§ **The data**
■ ■ ■ ■

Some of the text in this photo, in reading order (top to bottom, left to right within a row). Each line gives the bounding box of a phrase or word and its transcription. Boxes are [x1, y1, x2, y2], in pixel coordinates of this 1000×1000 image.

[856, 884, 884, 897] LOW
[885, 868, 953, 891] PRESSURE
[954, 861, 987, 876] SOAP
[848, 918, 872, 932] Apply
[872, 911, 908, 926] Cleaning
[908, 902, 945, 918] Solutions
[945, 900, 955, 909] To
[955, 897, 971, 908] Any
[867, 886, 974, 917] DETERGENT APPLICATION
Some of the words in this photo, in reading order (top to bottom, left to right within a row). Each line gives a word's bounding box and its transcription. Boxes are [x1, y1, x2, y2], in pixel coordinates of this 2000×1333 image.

■ ■ ■ ■

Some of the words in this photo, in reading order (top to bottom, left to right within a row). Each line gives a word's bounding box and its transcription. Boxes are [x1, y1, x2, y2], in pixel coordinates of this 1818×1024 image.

■ ■ ■ ■

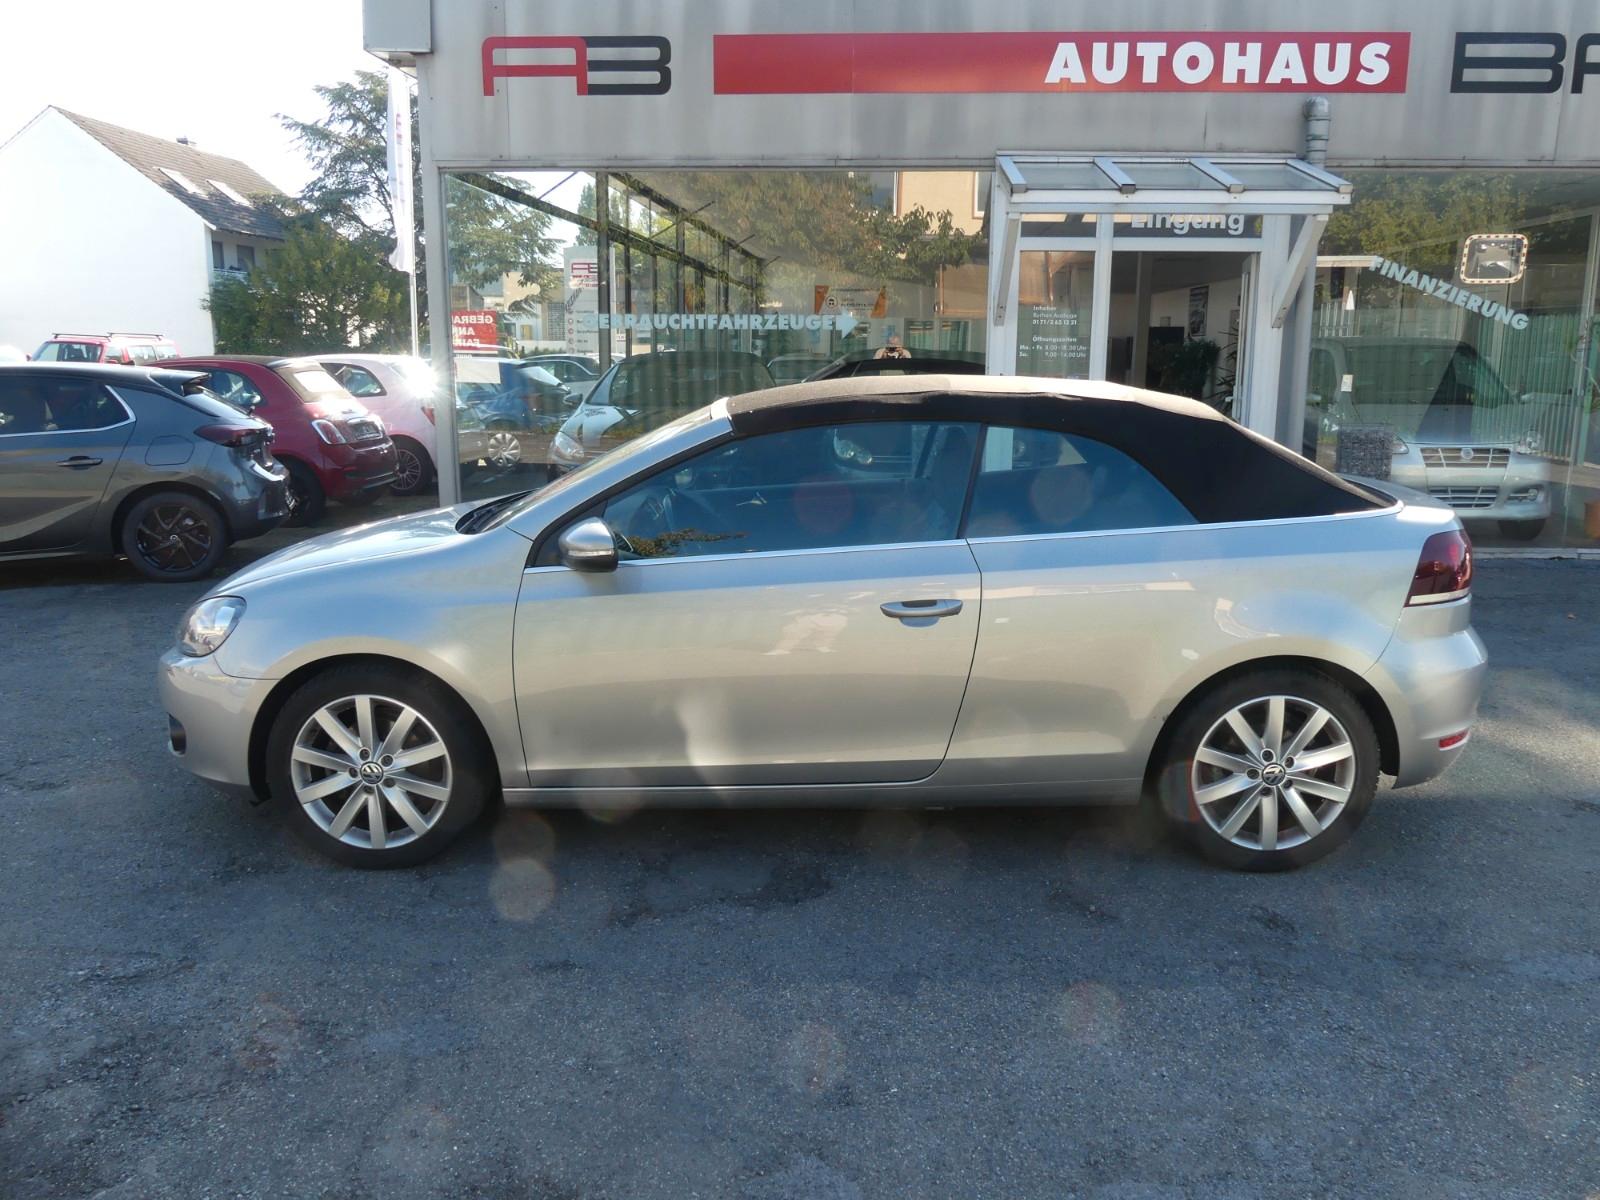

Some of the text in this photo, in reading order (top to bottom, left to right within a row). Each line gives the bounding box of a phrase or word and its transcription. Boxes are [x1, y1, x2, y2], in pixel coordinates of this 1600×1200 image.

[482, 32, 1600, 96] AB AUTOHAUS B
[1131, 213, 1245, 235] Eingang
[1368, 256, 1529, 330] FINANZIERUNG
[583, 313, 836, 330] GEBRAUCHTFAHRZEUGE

■ ■ ■ ■

§ **Problem to work on**
Scan the records for the string "words" and report each line where it occurs.

§ **Output of the exercise**
Some of the words in this photo, in reading order (top to bottom, left to right within a row). Each line gives a word's bounding box and its transcription. Boxes are [x1, y1, x2, y2], in pixel coordinates of this 2000×1333 image.
Some of the words in this photo, in reading order (top to bottom, left to right within a row). Each line gives a word's bounding box and its transcription. Boxes are [x1, y1, x2, y2], in pixel coordinates of this 1818×1024 image.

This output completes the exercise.